「あとは服だな」と僕は言った。「地味すぎるよ。個性がない。まるでリクルートスーツだ」
「は、はあ。そ、そ、そうでしたか」
 篠崎カミラは足早に歩きつつ自分の服を見た。それから周囲にいる女性を検分するかのように見つめた。
「じゃ、じゃあ、きょ、きょ、今日、し、仕事帰りに、か、か、買いに行きます」

 素直なことで――と僕は思った。少々不安になるくらいの素直さだ。騙された僕が考えることじゃないけど、こんなんじゃ悪い男に騙されちゃうんじゃないだろうか? 横を見ると、篠崎カミラは口をひくひくと動かしていた。目はあちこちに向けられ、しかし、何秒かに一度は僕を見た。いったいなんなんだ? なにか言いたいことでもあるのか? そう訊こうとしたときに彼女は突然足をとめた。僕は惰性で何歩か先へ行った。

「あっ、あの、」
「ん? どうした?」
「い、いえ、」
 篠崎カミラは首を振り、うつむきかげんになった。口許はひくひく動き、目は挙動不審かと思えるばかりに動きまわっていた。

「なんだよ。言いたいことがあるなら言えよ」
「は、は、はい。で、でも、や、やっぱり、」
 僕はちらと腕時計を見て、溜息を洩らした。ほんと、まったくなんなんだよ。
「言いたいことがあるんだろ? だったら、すっと言ってくれ」
「す、すみません。あっ、あの、だ、だけど、こ、こんなこと、さ、さ、佐々木さんに、お、お願い、し、して、い、いいものか、」

 首をぐるりとまわしてから僕は笑顔に似たようなものを用意した。苛々しはじめていたけど、昨日のこともあるしな――と思うようにした。そう、彼女には借りがあるのだ。
「お願い? どんなお願いだ?」
「い、いえ、ど、どんなって、そ、その、」
 会社へ向かう集団は僕たちを避けるように歩いていった。僕はもう一度見せつけるかのように時計へ目を落とした。遅刻まではしないものの、これじゃ予定が狂ってしまう。なんでもいいから早く言ってくれよ。

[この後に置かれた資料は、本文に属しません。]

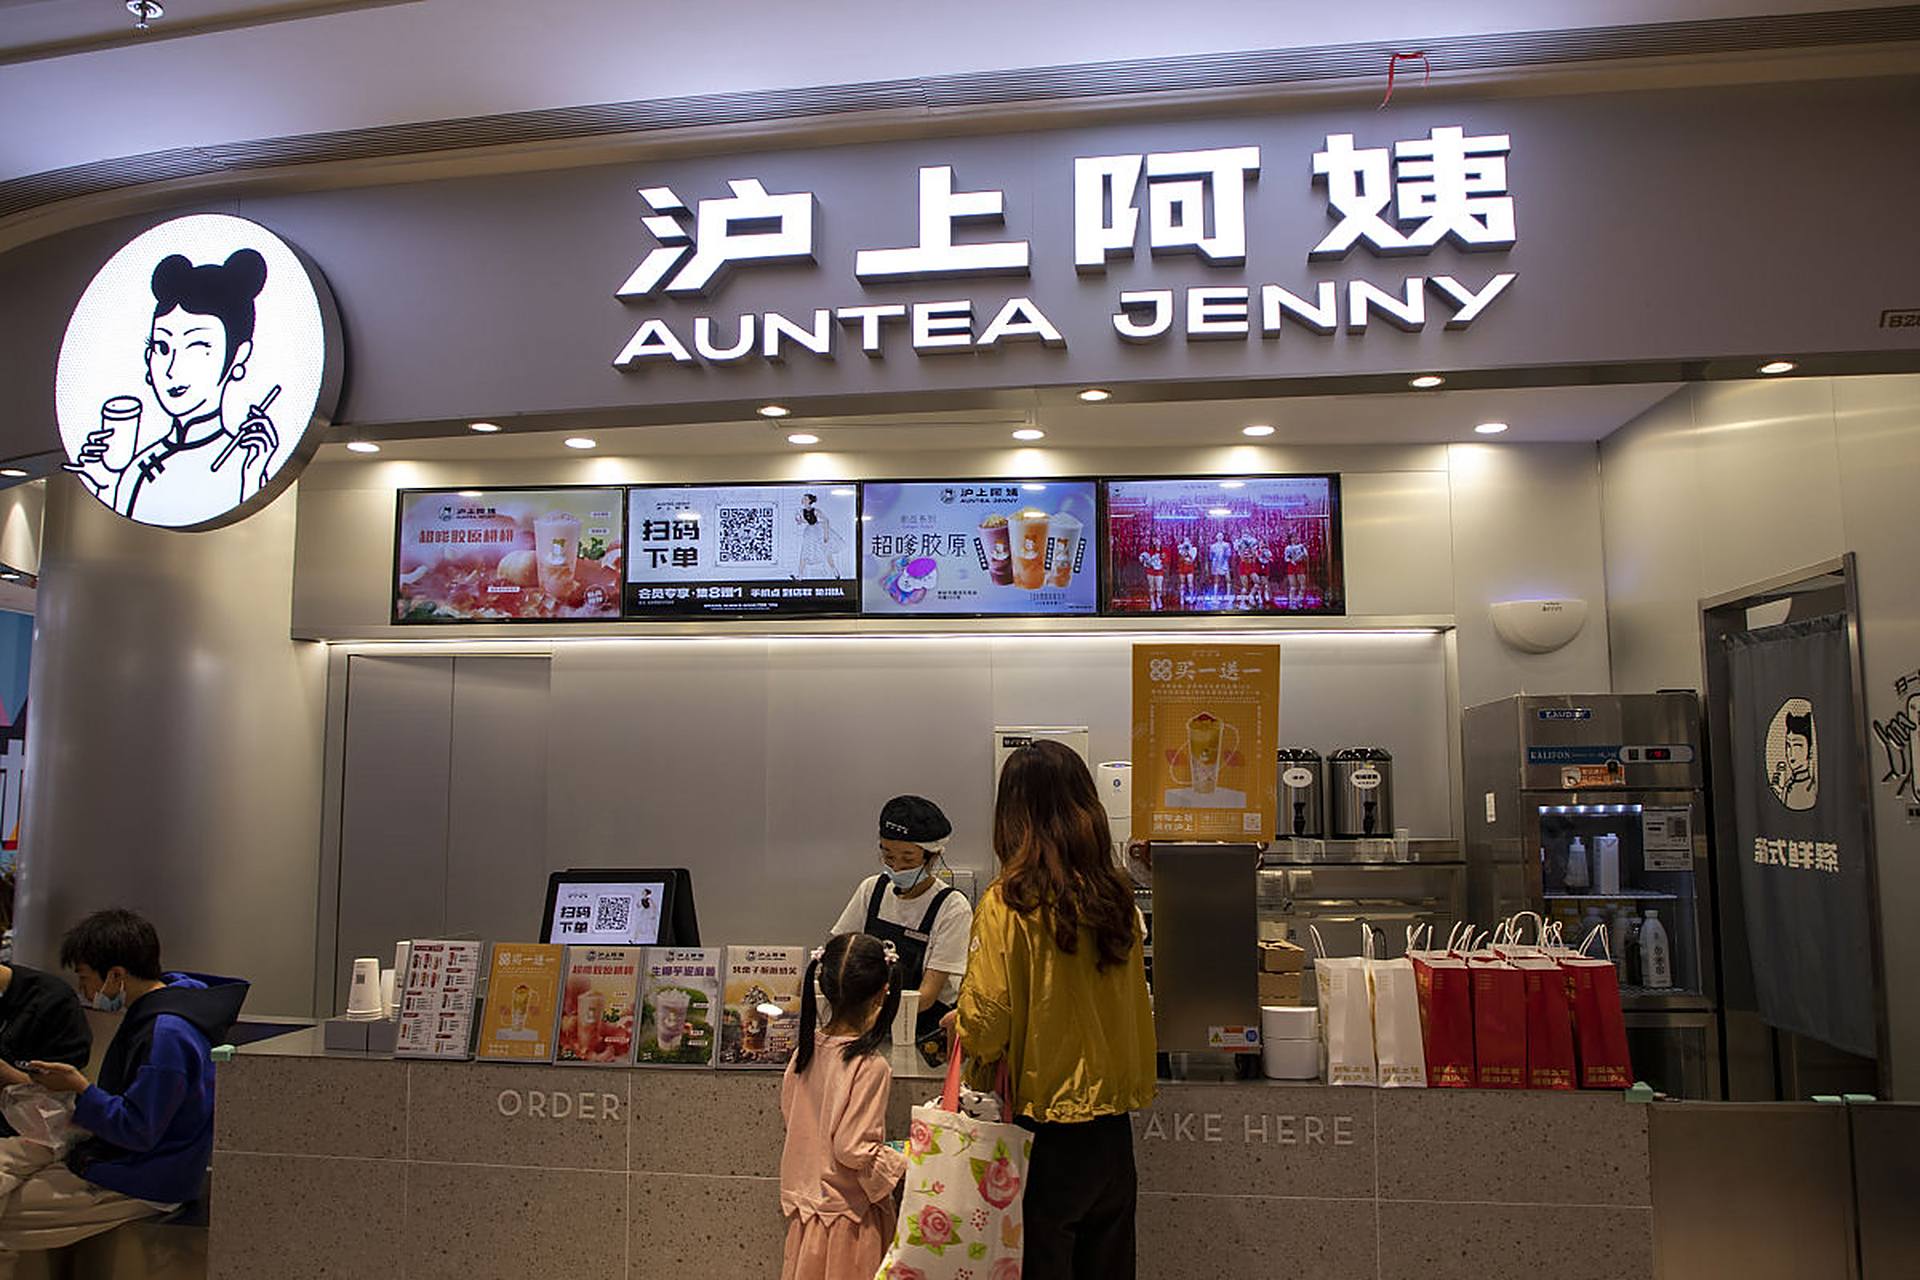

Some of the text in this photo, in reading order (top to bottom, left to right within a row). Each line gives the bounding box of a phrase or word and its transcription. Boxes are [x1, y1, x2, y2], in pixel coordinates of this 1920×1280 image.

[615, 126, 1518, 301] 沪上阿姨
[614, 272, 1517, 373] AUNTEA JENNY
[642, 518, 700, 541] 扫码
[642, 547, 699, 568] 下单
[1174, 660, 1263, 681] 买一送一
[560, 905, 591, 919] 扫码
[559, 921, 588, 934] 下单
[497, 1089, 621, 1121] ORDER
[1243, 1114, 1354, 1145] HERE

「あっ、あの、さっ、さっきの、お、お話に、か、か、関することで、だ、だけど、こっ、こ、こういうのを、お、お願いするのは、や、やっぱり、」
 深いところから息を吐き、僕は肩の力を抜いた。苛々したってしょうがない。ここはとにかくその「お願い」ってのを聞きだすんだ。その上で考えればいいだけの話だ。
「ま、昨日は世話になったしな。僕にできることならなんでもするぜ」

 ただ、そう言った直後に僕は深く後悔した。「なんでも」ってのは言い過ぎかもしれない。篠崎カミラはさっと顔をあげた。頬はチークとかかわりなく薄く染まっていた。
「ほっ、ほっ、ほんとうですか? うっ、う、うれしいです。で、で、では、い、い、一緒に、デ、デ、デパートに、い、行ってください。ふっ、ふ、服を、み、見立てて、い、いただきたいんです」
「はあ?」

 僕は自分でも驚くくらいの声をあげていた。通り過ぎた人間が振り返るほどの声だった。
「僕が君の服を選ぶってのか?」
「はっ、は、はい。そ、そうして、い、いただけたら、」
「いや、ちょっと待ってくれ」
 そう言って僕は歩きだした。篠崎カミラは横にぴったりとついてきた。まるで競争してるかのように僕たちは会社へ向かっていった。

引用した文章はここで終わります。